◆ **Data for review**
■ ■ ■
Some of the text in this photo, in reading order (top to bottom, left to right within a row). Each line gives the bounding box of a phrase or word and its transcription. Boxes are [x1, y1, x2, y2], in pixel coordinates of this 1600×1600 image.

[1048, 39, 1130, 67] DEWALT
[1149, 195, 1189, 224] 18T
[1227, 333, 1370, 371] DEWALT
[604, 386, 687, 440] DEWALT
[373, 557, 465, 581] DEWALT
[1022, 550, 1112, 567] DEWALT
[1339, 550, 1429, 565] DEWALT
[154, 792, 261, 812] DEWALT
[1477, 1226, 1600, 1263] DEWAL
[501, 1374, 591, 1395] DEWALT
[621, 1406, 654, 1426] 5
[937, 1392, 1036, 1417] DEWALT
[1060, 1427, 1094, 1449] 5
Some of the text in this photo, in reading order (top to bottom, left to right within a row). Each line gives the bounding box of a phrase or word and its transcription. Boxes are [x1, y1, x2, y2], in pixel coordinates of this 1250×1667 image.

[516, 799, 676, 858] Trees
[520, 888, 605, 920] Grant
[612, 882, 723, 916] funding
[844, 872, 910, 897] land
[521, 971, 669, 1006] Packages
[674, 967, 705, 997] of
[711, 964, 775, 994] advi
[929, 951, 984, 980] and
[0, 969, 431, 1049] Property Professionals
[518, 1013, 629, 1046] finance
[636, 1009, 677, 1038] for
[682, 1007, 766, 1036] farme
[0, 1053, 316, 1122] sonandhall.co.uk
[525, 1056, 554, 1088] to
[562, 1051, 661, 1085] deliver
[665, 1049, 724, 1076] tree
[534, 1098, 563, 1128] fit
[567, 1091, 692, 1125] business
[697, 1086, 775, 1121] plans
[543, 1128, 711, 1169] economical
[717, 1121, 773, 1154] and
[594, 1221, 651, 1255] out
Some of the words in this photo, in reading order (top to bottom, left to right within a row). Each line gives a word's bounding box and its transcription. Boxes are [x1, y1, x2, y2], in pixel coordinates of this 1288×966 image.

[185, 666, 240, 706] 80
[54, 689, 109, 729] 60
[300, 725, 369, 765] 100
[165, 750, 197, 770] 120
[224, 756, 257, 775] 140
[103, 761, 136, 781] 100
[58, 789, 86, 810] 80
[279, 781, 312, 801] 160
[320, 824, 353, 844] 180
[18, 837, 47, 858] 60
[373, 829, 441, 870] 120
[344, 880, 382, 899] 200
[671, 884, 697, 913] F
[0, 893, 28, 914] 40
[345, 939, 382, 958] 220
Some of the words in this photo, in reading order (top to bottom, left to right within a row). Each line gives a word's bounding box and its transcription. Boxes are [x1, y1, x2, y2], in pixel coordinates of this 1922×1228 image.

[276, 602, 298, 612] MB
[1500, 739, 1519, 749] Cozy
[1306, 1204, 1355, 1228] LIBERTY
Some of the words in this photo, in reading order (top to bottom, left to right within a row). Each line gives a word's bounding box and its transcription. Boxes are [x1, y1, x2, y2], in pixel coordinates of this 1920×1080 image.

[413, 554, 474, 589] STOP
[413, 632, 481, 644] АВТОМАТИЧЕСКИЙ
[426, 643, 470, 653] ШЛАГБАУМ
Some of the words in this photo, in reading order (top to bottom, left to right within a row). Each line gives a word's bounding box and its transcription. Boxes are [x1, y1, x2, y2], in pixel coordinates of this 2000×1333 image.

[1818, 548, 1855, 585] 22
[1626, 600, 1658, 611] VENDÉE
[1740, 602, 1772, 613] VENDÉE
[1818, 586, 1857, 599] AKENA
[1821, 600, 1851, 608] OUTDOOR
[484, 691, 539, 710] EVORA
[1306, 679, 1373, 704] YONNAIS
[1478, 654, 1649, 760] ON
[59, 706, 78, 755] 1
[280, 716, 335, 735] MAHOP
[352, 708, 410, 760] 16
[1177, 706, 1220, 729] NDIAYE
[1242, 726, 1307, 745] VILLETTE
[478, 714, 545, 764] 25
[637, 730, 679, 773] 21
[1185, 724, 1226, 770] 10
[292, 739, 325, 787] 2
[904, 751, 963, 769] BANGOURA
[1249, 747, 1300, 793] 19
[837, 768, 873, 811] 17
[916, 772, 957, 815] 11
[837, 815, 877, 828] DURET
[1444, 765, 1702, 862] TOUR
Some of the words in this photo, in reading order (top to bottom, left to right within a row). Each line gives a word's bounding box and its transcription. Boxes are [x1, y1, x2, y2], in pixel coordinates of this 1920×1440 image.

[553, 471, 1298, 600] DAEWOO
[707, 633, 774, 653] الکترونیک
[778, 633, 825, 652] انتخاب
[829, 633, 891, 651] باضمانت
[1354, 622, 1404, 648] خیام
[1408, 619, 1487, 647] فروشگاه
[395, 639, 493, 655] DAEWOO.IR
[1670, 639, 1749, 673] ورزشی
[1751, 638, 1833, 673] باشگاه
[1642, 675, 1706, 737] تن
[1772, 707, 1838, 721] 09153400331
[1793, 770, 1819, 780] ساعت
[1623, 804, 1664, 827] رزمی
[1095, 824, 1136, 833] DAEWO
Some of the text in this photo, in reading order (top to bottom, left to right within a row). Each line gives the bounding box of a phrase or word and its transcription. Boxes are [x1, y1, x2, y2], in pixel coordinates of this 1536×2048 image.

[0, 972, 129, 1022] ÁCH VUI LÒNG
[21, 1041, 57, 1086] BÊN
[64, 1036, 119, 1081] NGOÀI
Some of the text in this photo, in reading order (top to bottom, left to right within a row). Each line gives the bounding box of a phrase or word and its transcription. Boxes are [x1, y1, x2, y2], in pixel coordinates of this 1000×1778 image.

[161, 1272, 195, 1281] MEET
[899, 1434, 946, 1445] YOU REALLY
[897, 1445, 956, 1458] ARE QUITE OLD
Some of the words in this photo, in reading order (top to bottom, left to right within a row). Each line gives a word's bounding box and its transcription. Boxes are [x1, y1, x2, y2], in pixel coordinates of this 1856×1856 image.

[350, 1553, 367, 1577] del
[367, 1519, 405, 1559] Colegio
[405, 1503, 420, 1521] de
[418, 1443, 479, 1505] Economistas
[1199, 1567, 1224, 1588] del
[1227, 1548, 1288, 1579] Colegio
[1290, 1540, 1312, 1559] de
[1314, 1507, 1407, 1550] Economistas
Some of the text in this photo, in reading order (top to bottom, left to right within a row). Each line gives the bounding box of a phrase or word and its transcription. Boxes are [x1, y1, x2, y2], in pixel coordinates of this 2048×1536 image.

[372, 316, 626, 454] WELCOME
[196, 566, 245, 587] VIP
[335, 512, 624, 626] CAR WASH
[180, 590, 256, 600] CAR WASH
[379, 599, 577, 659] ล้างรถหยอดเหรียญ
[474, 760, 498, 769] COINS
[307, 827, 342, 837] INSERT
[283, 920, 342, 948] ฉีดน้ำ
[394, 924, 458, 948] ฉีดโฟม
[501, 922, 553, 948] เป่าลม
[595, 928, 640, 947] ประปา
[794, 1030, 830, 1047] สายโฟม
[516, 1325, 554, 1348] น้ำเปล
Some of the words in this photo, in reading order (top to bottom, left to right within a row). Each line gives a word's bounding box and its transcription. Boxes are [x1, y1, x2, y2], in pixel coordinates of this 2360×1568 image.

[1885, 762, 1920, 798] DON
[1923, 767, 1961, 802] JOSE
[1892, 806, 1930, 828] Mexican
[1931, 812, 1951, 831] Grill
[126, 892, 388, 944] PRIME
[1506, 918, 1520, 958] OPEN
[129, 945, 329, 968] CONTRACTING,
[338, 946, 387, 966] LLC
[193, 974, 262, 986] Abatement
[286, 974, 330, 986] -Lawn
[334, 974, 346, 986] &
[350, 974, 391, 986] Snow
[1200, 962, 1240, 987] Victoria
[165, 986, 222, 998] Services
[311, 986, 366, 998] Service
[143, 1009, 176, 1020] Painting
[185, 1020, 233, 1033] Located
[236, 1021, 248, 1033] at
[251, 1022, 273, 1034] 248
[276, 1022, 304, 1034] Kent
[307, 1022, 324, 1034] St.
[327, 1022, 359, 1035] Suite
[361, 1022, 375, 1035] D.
■ ■ ■
◆ **What the task requires**
Start at the line containing "this 2360×1568 image." and return each line up to and including the last line of the material.

◆ **Answer space**
Some of the words in this photo, in reading order (top to bottom, left to right within a row). Each line gives a word's bounding box and its transcription. Boxes are [x1, y1, x2, y2], in pixel coordinates of this 2360×1568 image.

[1885, 762, 1920, 798] DON
[1923, 767, 1961, 802] JOSE
[1892, 806, 1930, 828] Mexican
[1931, 812, 1951, 831] Grill
[126, 892, 388, 944] PRIME
[1506, 918, 1520, 958] OPEN
[129, 945, 329, 968] CONTRACTING,
[338, 946, 387, 966] LLC
[193, 974, 262, 986] Abatement
[286, 974, 330, 986] -Lawn
[334, 974, 346, 986] &
[350, 974, 391, 986] Snow
[1200, 962, 1240, 987] Victoria
[165, 986, 222, 998] Services
[311, 986, 366, 998] Service
[143, 1009, 176, 1020] Painting
[185, 1020, 233, 1033] Located
[236, 1021, 248, 1033] at
[251, 1022, 273, 1034] 248
[276, 1022, 304, 1034] Kent
[307, 1022, 324, 1034] St.
[327, 1022, 359, 1035] Suite
[361, 1022, 375, 1035] D.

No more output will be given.